Required action: Exact copy without images: repeat every entry as written.

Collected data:
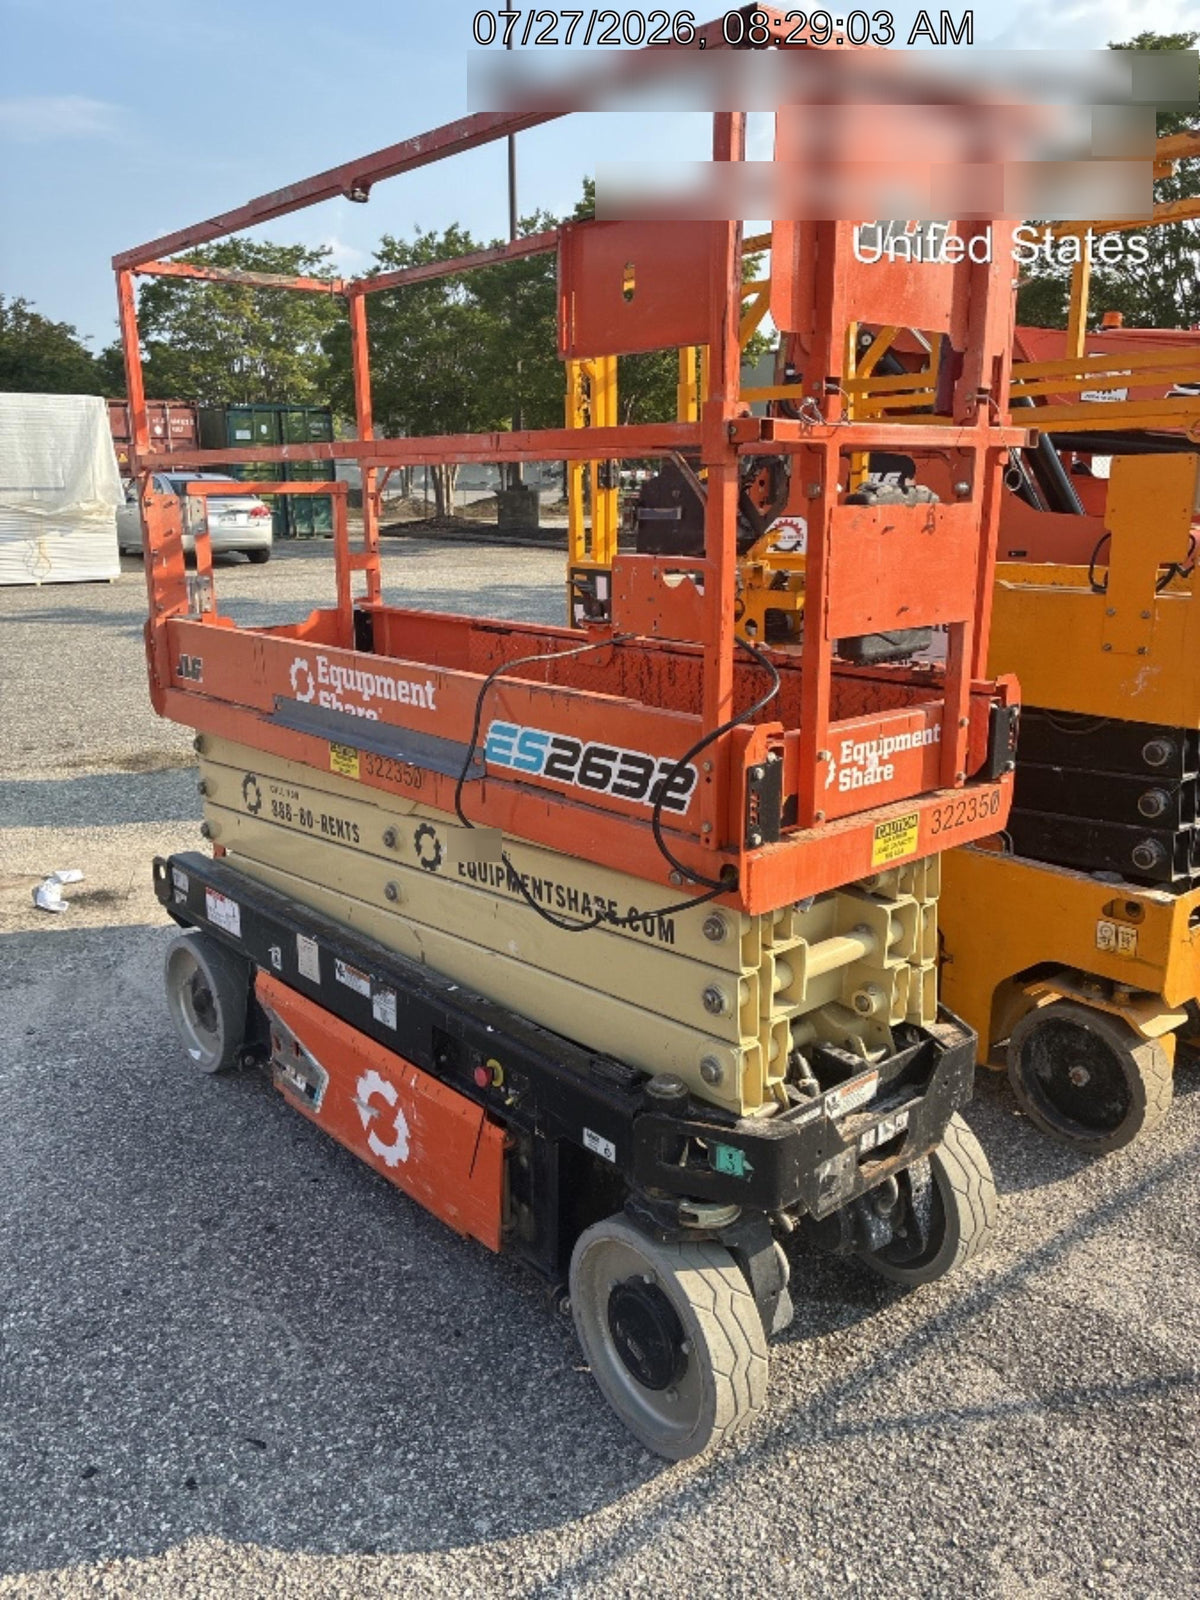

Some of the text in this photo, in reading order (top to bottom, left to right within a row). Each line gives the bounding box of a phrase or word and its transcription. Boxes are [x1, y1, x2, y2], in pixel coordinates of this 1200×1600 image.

[315, 655, 437, 711] Equipment
[840, 722, 942, 765] Equipment
[484, 718, 698, 816] ES2632
[838, 763, 895, 793] Share
[930, 789, 1001, 835] 322350
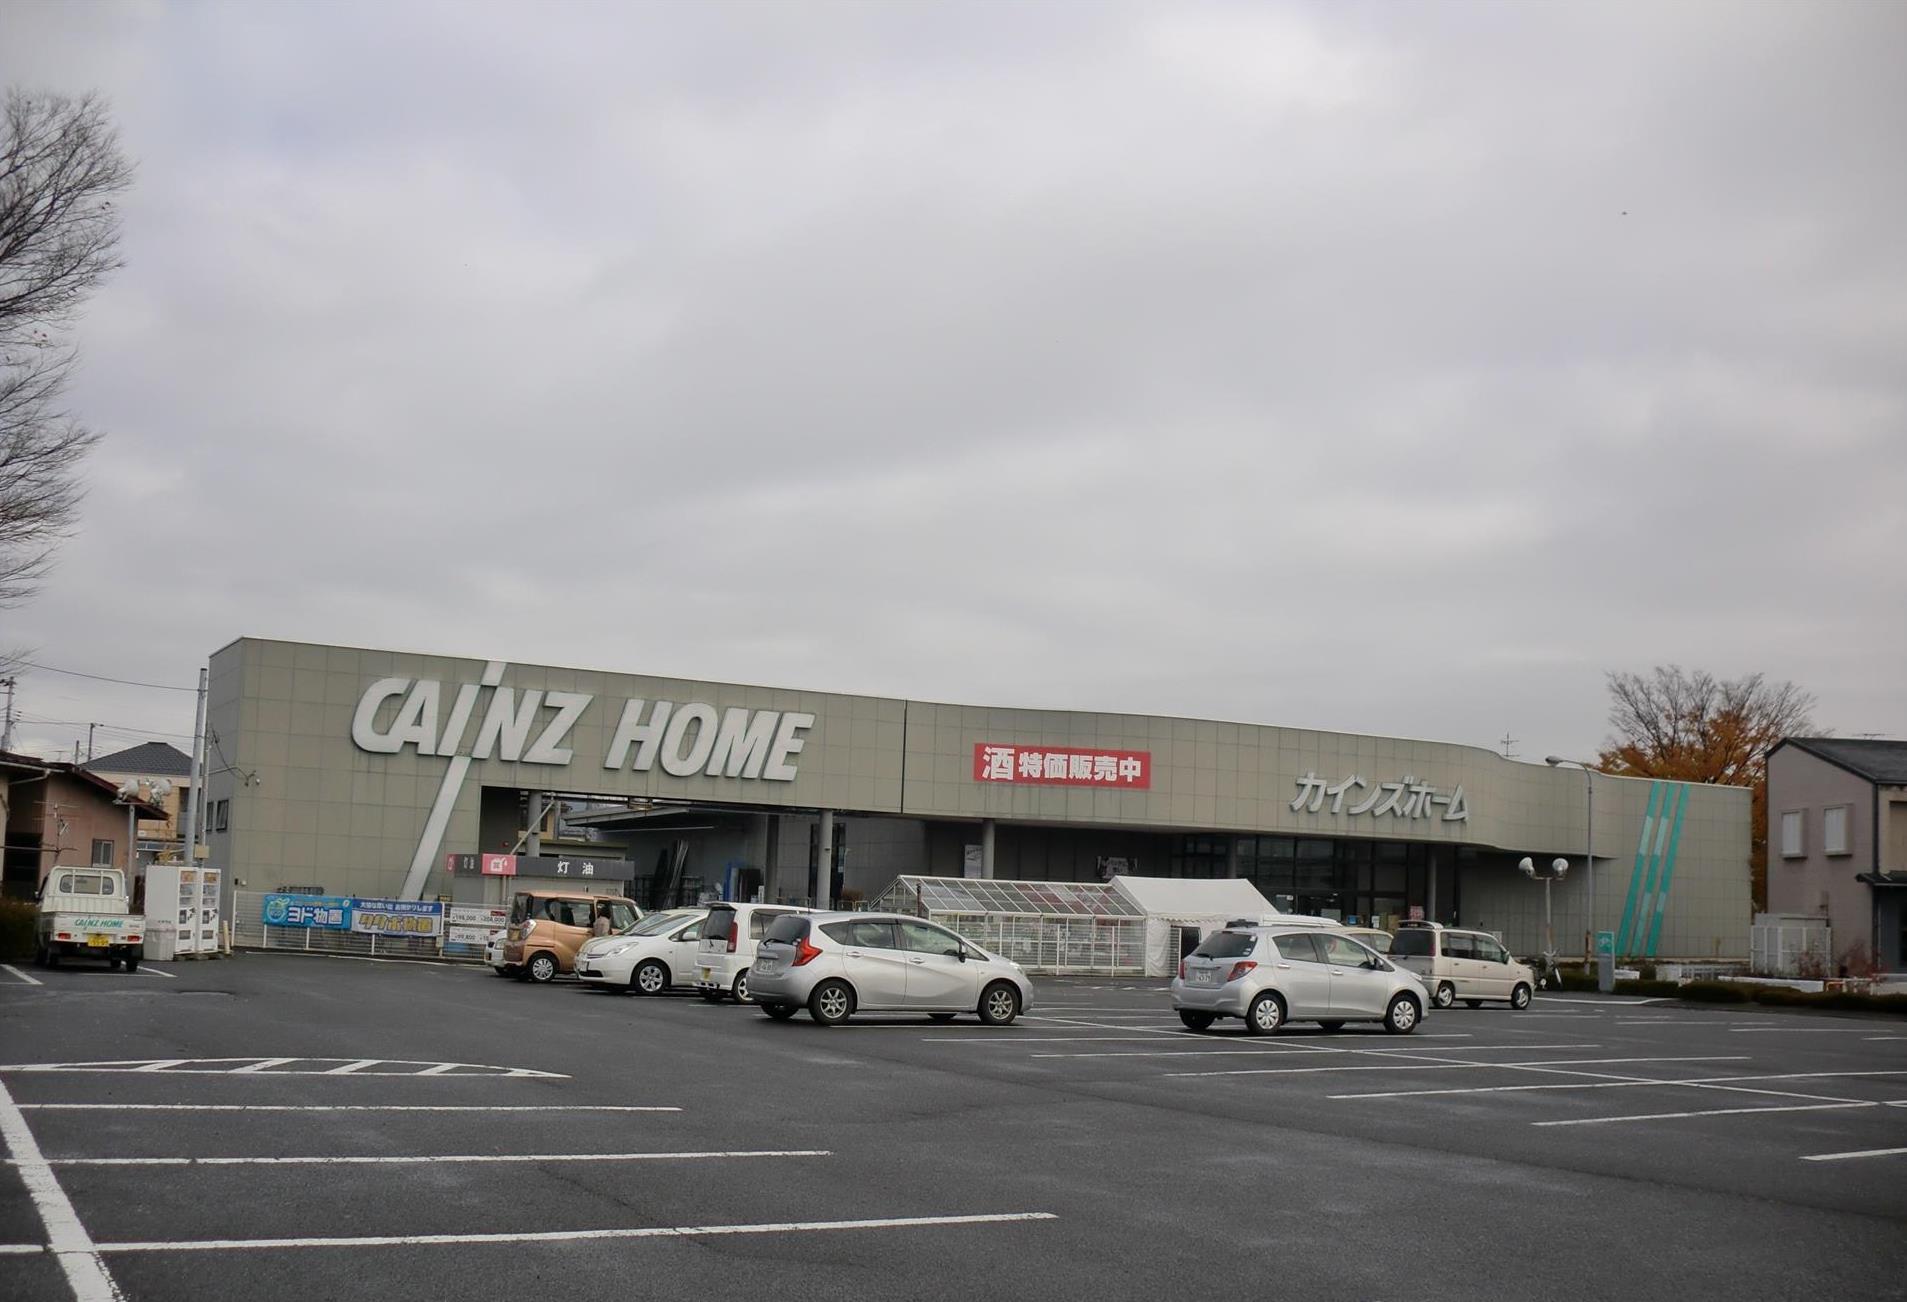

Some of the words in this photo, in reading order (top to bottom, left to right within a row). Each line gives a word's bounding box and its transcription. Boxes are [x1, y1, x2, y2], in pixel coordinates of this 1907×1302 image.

[352, 661, 594, 766] CAINZ
[604, 697, 815, 782] HOME
[1289, 772, 1469, 822] カインズホーム
[557, 860, 594, 875] 灯油
[99, 919, 124, 928] HOME
[287, 906, 343, 925] ヨド物置
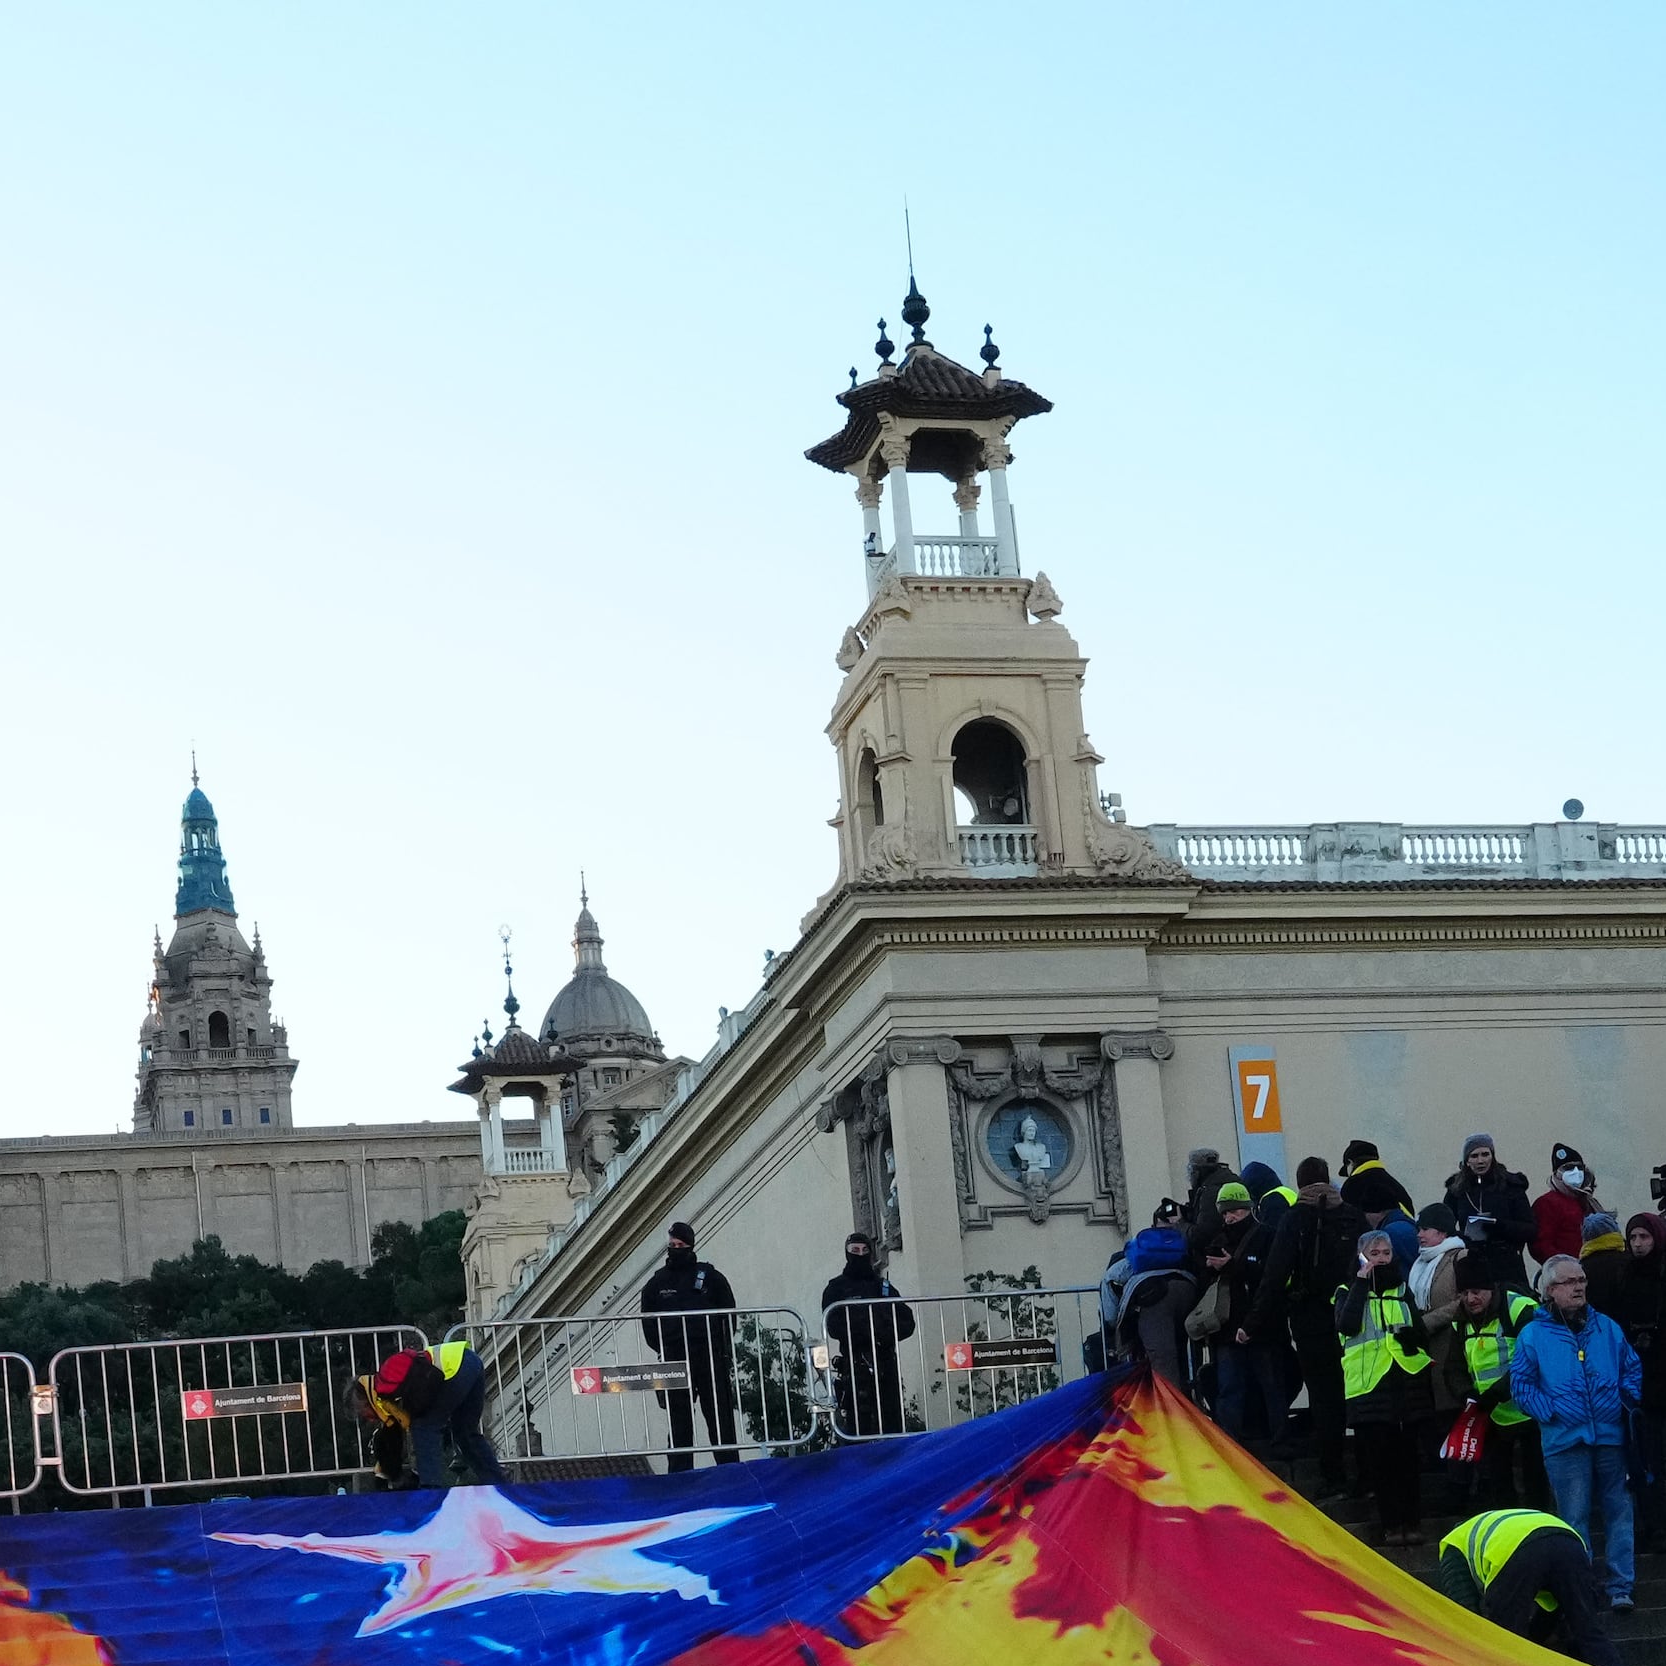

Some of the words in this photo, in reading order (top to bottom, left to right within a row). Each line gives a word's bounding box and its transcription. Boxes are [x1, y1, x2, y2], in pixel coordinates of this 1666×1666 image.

Solved problem:
Some of the text in this photo, in reading order (top to bottom, left to right within a row). Each line gives the bounding box of a phrase or word and its transcription. Boxes are [x1, y1, x2, y2], in pixel coordinates of this 1200×1600 image.

[315, 655, 437, 711] Equipment
[840, 722, 942, 765] Equipment
[484, 718, 698, 816] ES2632
[838, 763, 895, 793] Share
[930, 789, 1001, 835] 322350

Some of the words in this photo, in reading order (top to bottom, left to right within a row). Each line gives a word's bounding box and its transcription. Boxes are [x1, y1, x2, y2], in pixel coordinates of this 1907×1302 image.

[352, 661, 594, 766] CAINZ
[604, 697, 815, 782] HOME
[1289, 772, 1469, 822] カインズホーム
[557, 860, 594, 875] 灯油
[99, 919, 124, 928] HOME
[287, 906, 343, 925] ヨド物置

Some of the words in this photo, in reading order (top to bottom, left to right within a row). Each line gives a word's bounding box and its transcription. Boxes are [x1, y1, x2, y2], in pixel coordinates of this 1666×1666 image.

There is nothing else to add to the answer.